Further into the comment thread, some members blast Wales, accusing him of eliminating porn because of pressure from FoxNews.com.
But despite the weekend purge, much pornographic content remains on Wikimedia Commons and is accessible through Wikipedia, including the images of a boy's genitals and the original illustrations of children engaged in sexual acts that Wikipedia co-founder Larry Sanger reported in his April letter to the FBI early last month.
While the pictures are drawings and not photos, some legal experts say they are obscene -- and illegal. But others contend that they technically do not reach the level of obscenity required to be ruled against the law.
One of the images Sanger referred to in his letter is an early 20th century colored illustration of a young girl performing oral sex on a much older man. Its caption reads: “If Mom returns? She'll tell you that it's very rude to talk with your mouth full."
The image is accessible via Wikipedia's article on "Pedophilia," at the bottom of which is an image with a link directing readers: "Wikimedia Commons has media related to Pedophilia.”
The link takes you to a page that contains 25 to 30 explicit and detailed drawings of children performing sexual acts. Other categories depict similar, and in some cases more graphic, sexual acts in cartoon form.
In a May 6 online discussion with other Wiki users, Wales spoke specifically about the above image and of other illustrations in the “pedophilia” and “zoophilia” categories (the latter includes illustrations of children engaged in sex acts with animals).
Within the course of four hours, Wales appeared to reverse his position on whether images in this category should be deleted. First, he wrote “I didn’t look at all of them but most of them don’t even contain nudity. And they are historical drawings, which does strike me as a legitimate factor to consider.”
Less than four hours later, Wales said of the same images, “I see little or not educational value in any of those.”
Wikipedia streams unfiltered into public school classrooms throughout the country. If students researching documented cases of pedophilia were to click on the link, they'd arrive at drawings of naked children performing sexual acts. The images aren't photos; they're drawings. But some experts say that distinction doesn’t matter legally.
“Clearly some of the currently available drawings are obscene, and individuals have been prosecuted for downloading and possessing similar material,” said James Marsh, an attorney who represents victims of child sexual exploitation.
The FBI has not commented on whether it's pursuing charges. But it could, said Marsh, who pointed to several legal precedents in which prosecutions have been made based on sexually explicit depictions of children similar to the images on Wikipedia.
But some legal analysts say that while the images are pornographic, they are not obscene -- and therefore not illegal.
“It’s almost impossible for non-visual material to be considered obscene,” said Eric Goldman, an associate professor at Santa Clara University School of Law and director of the High Tech Law Institute.
"With respect to child pornography, the real harm is in the production of it -- not the fact that it's also socially irredeemable."

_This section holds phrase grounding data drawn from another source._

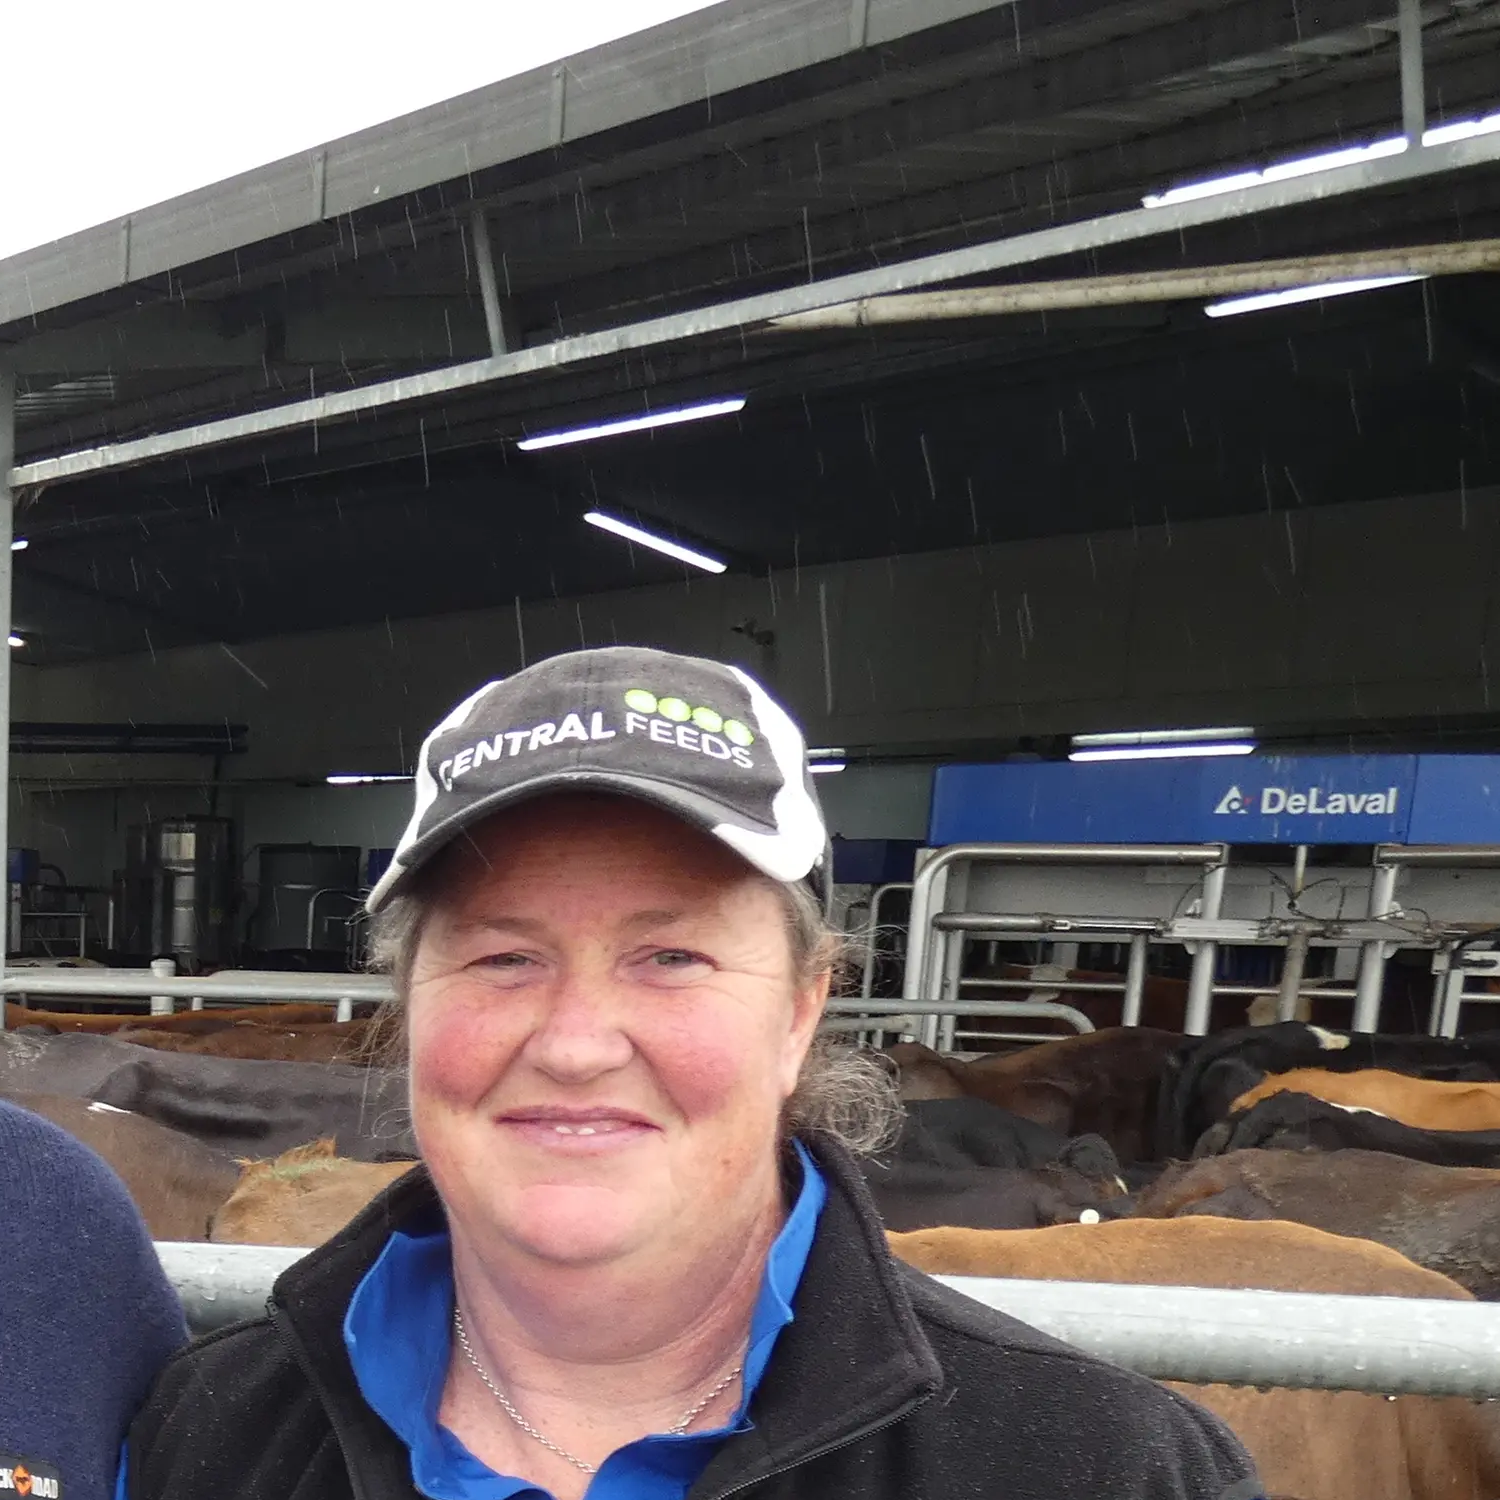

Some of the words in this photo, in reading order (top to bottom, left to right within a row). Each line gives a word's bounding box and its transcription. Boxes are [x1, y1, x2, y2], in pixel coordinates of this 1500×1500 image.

[438, 710, 616, 791] CENTRAL
[626, 711, 754, 769] FEEDS
[1260, 787, 1398, 815] DeLaval
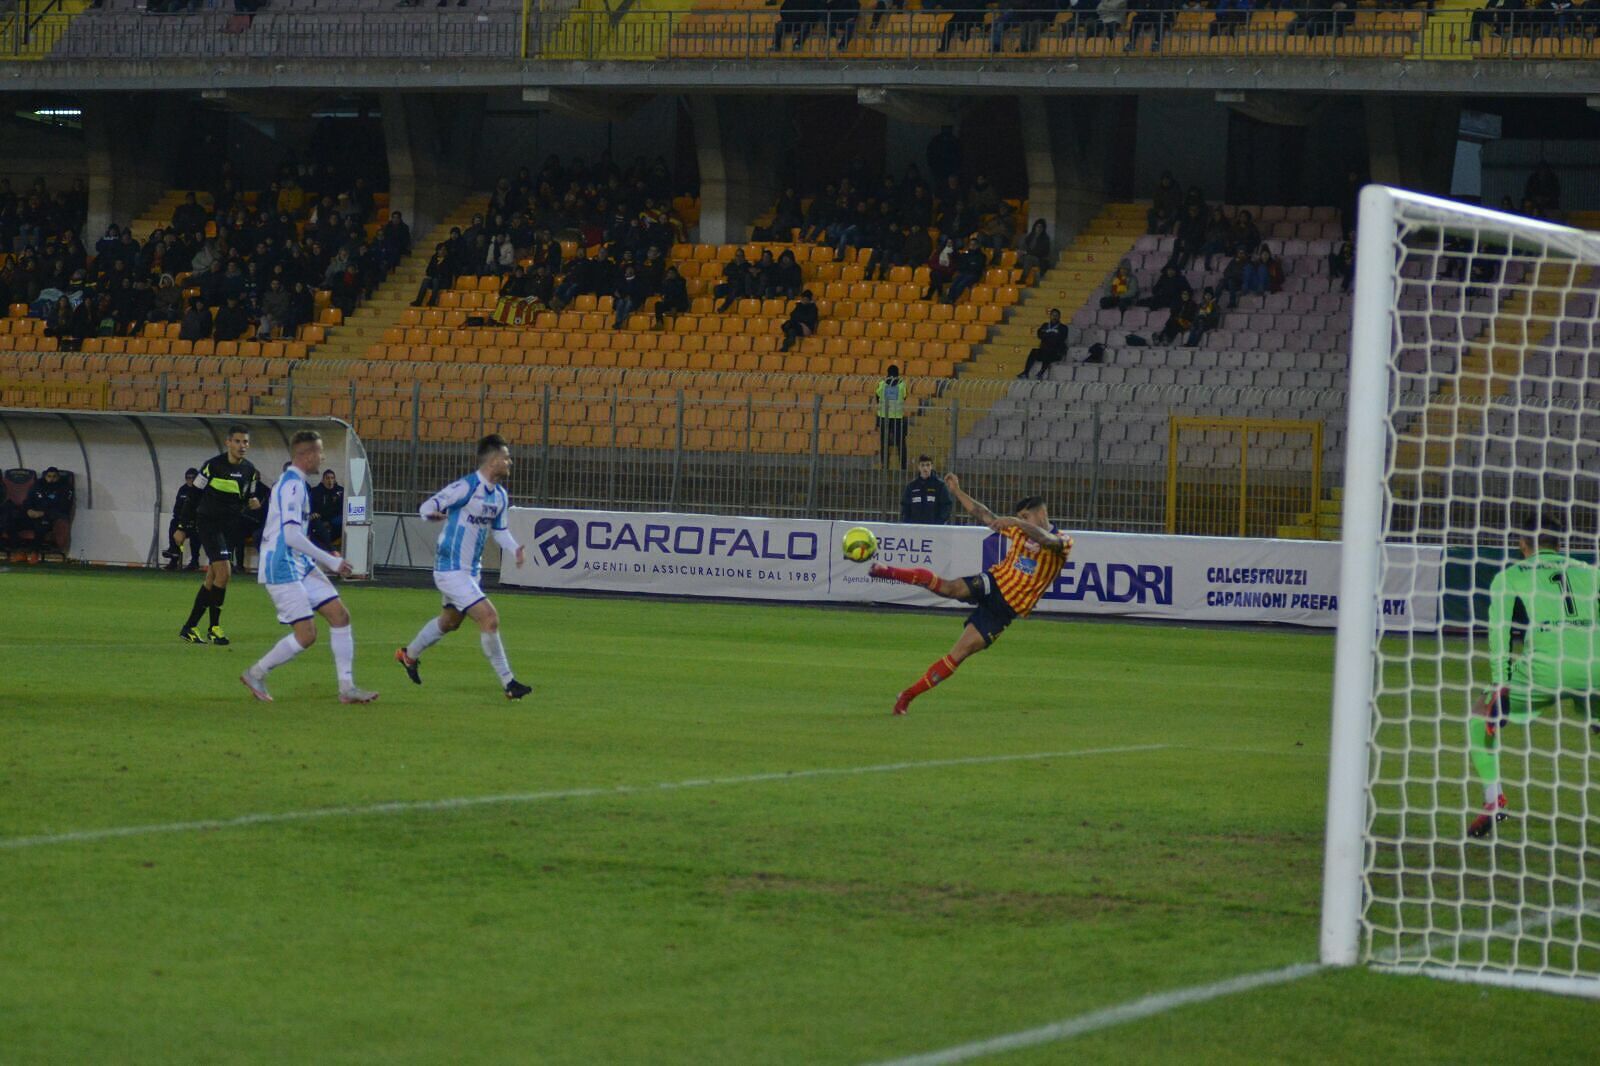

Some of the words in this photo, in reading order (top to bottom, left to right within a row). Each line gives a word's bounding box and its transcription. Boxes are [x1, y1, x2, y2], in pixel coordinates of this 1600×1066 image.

[586, 521, 817, 560] CAROFALO
[583, 561, 628, 573] AGENTI
[634, 563, 646, 574] DI
[652, 564, 752, 579] ASSICURAZIONE
[758, 570, 782, 581] DAL
[788, 571, 817, 583] 1989
[842, 575, 869, 584] Agenzia
[1207, 567, 1307, 586] CALCESTRUZZI
[1041, 562, 1173, 605] EADRI
[1549, 570, 1578, 617] 1
[1207, 591, 1287, 608] CAPANNONI
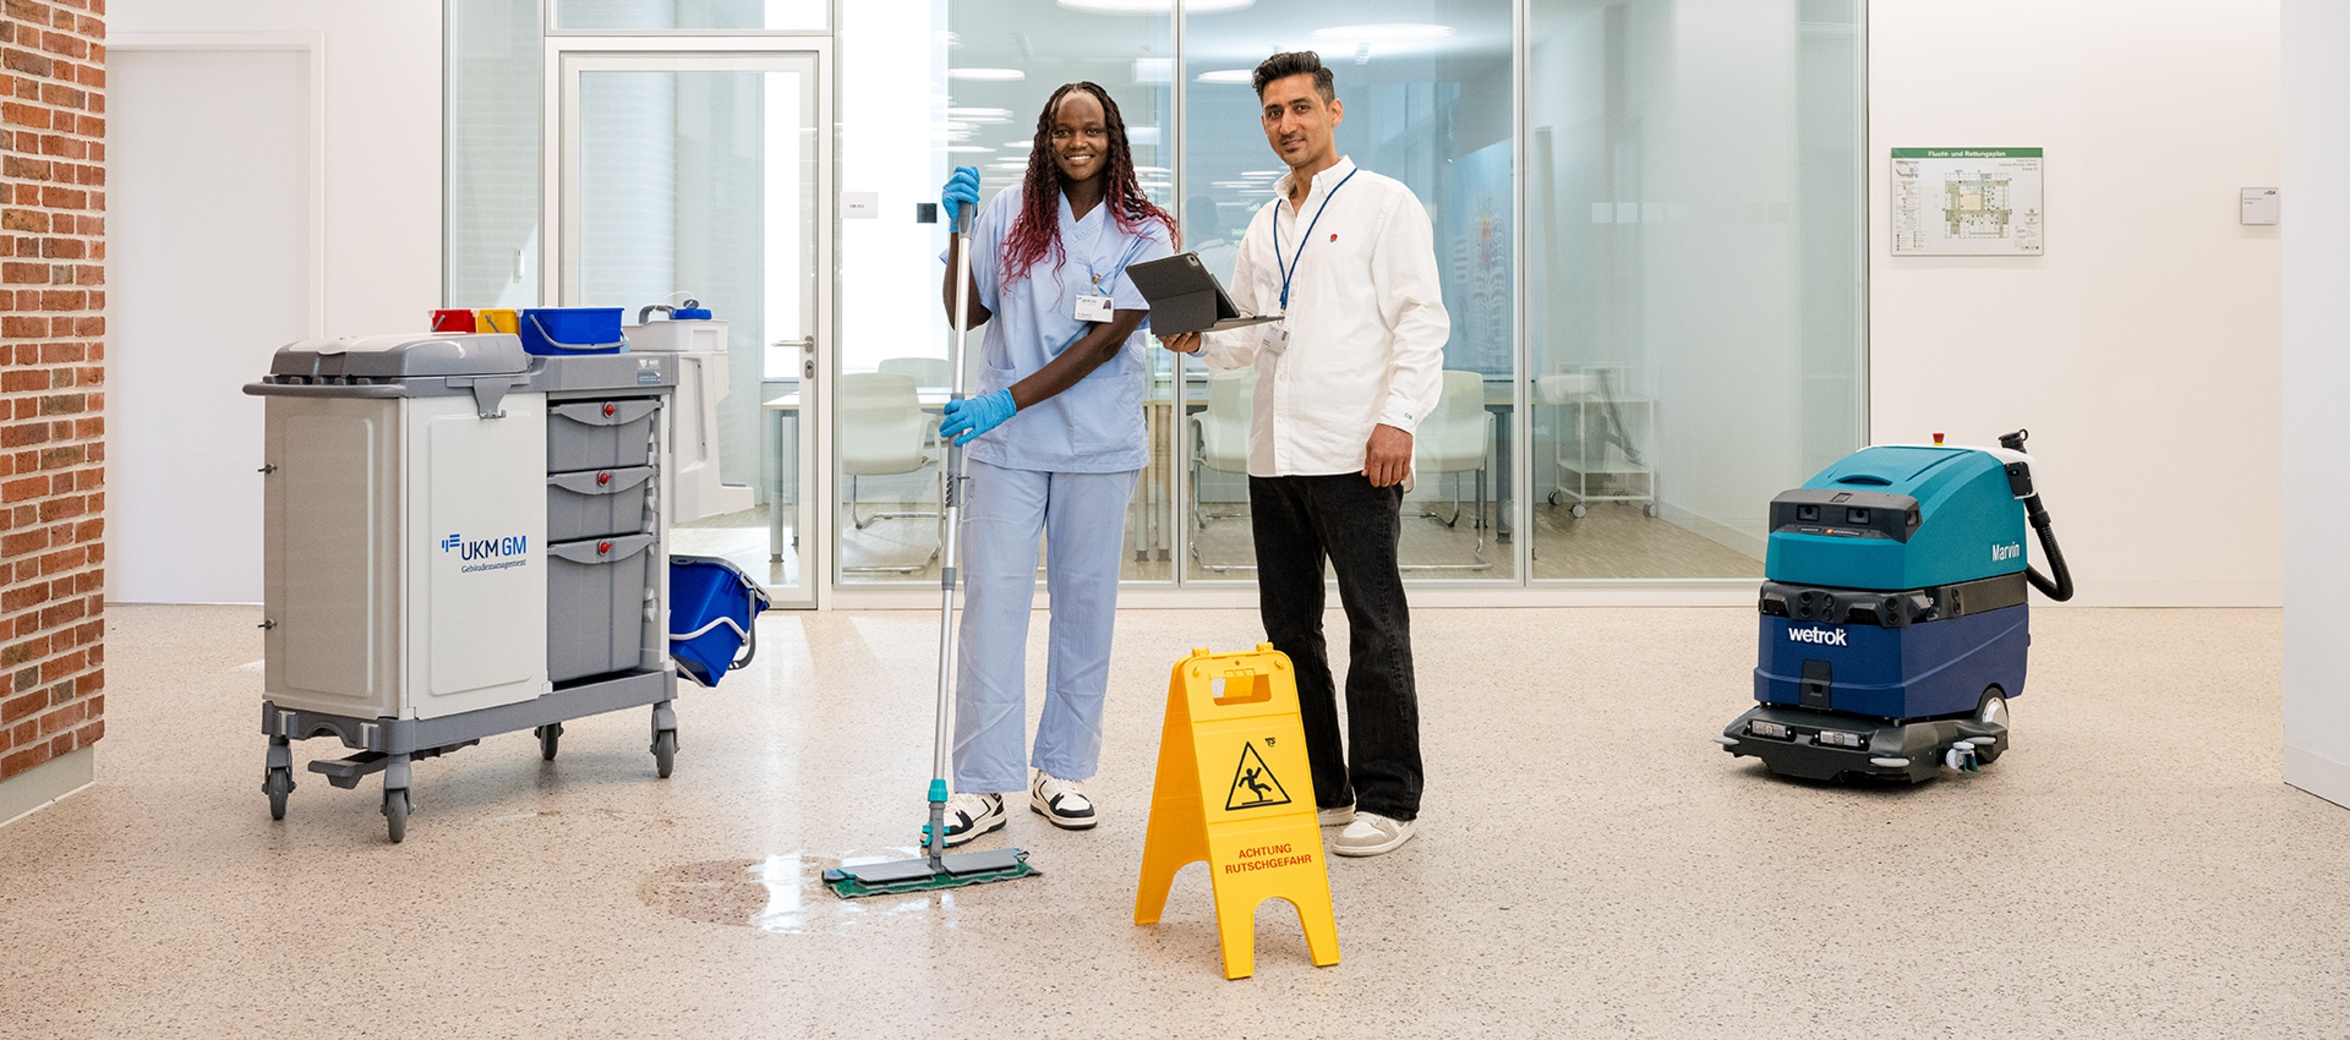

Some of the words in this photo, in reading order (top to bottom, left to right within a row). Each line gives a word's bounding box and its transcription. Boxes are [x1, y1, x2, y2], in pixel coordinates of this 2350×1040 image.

[1964, 150, 2006, 159] Rettungsplan
[461, 538, 498, 561] UKM
[502, 535, 526, 556] GM
[1992, 541, 2020, 562] Marvin
[461, 559, 526, 573] Gebäudemanagement
[1788, 626, 1847, 647] wetrok
[1238, 843, 1292, 859] ACHTUNG
[1225, 854, 1312, 874] RUTSCHGEFAHR
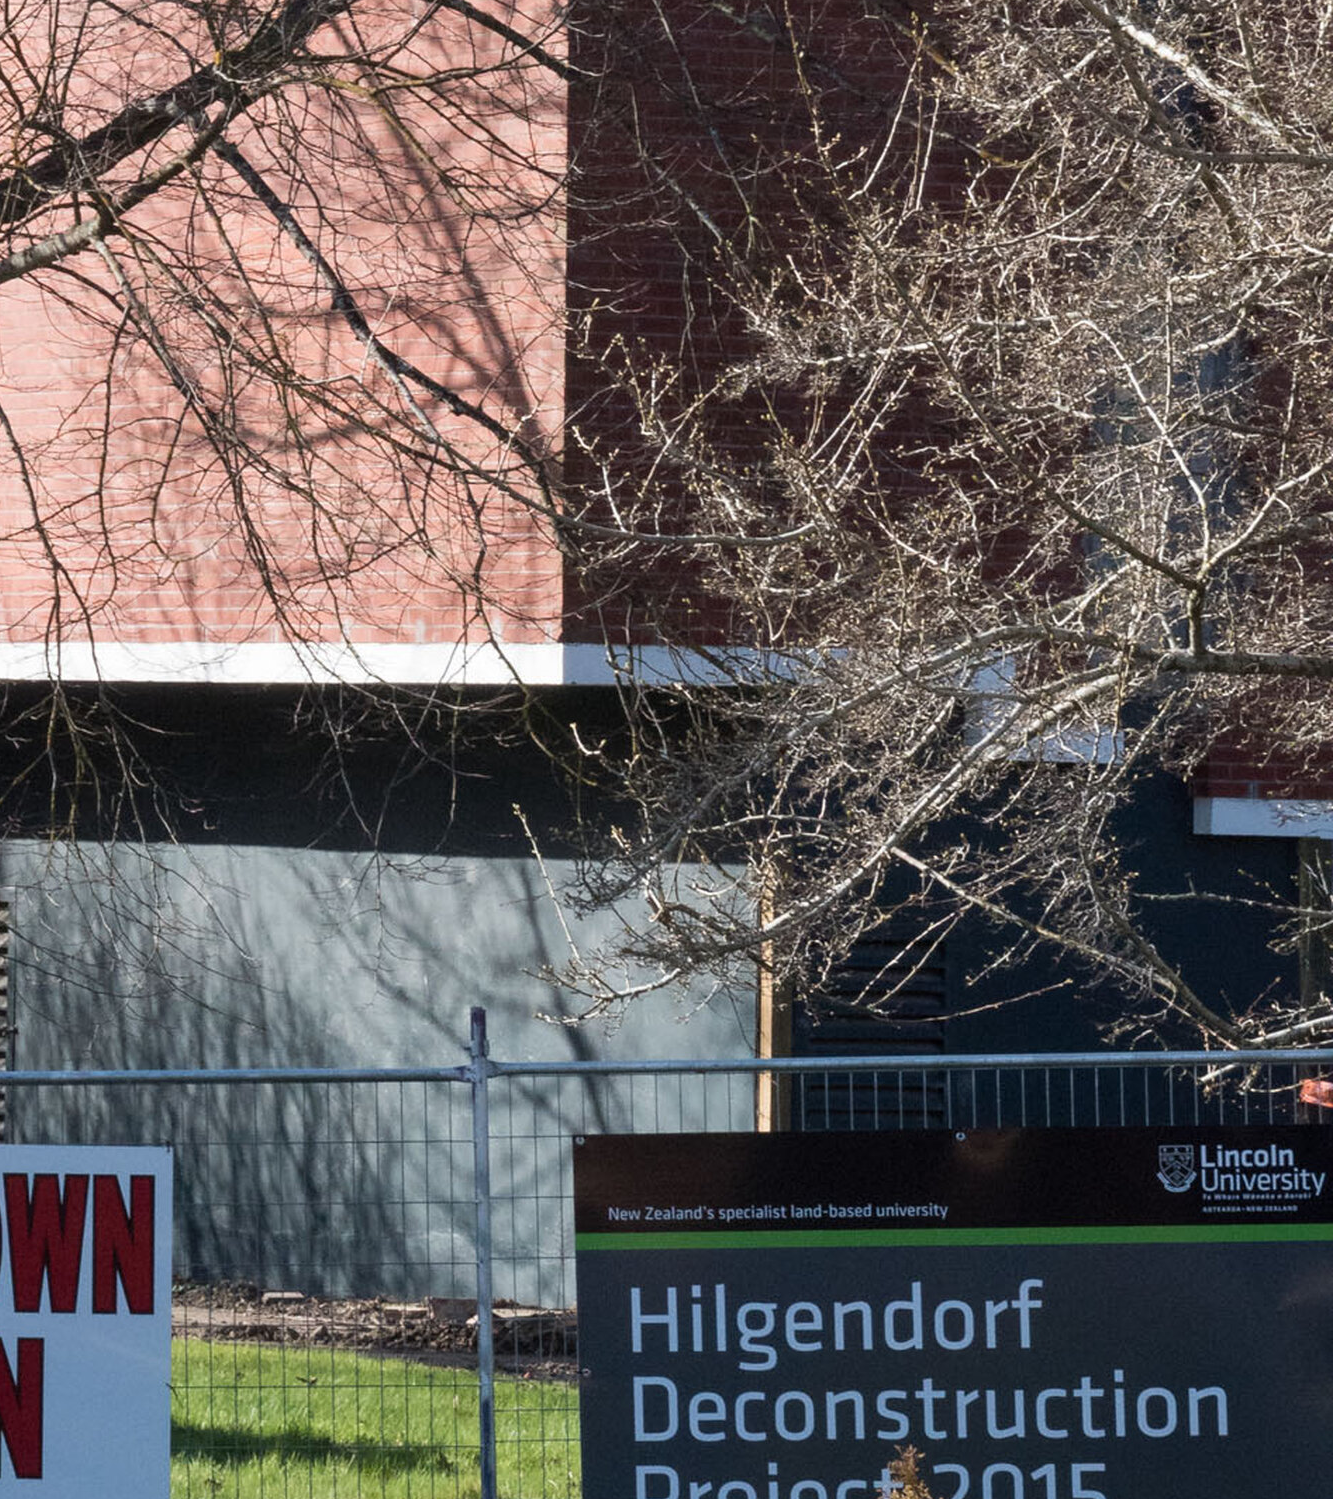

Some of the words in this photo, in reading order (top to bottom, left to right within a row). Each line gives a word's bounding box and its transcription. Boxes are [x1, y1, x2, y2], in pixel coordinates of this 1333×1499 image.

[1200, 1144, 1294, 1168] Lincoln
[1201, 1167, 1326, 1196] University
[608, 1207, 641, 1221] New
[645, 1205, 714, 1220] Zealand's
[718, 1204, 786, 1222] specialist
[790, 1204, 872, 1218] land-based
[876, 1202, 948, 1221] university
[630, 1278, 1044, 1370] Hilgendorf
[632, 1370, 1230, 1443] Deconstruction

He said because laws involving child pornography and obscenity are enacted largely in the interest of protecting the child involved, it gets tricky when the children involved are synthetic -- in cartoon or drawing form. He referred to numerous previous laws relating to non-photo child pornography that were shot down by the Supreme Court for being too broad in scope and overstepping the bounds of First Amendment rights.
But Marsh says he has the definitive answer:
“Wikipedia has an undisputable affirmative corporate responsibility to keep such material off their sites, which are almost universally available in elementary schools and public libraries,” he said. “Every other content provider has to play by these rules. Why not Wikipedia?”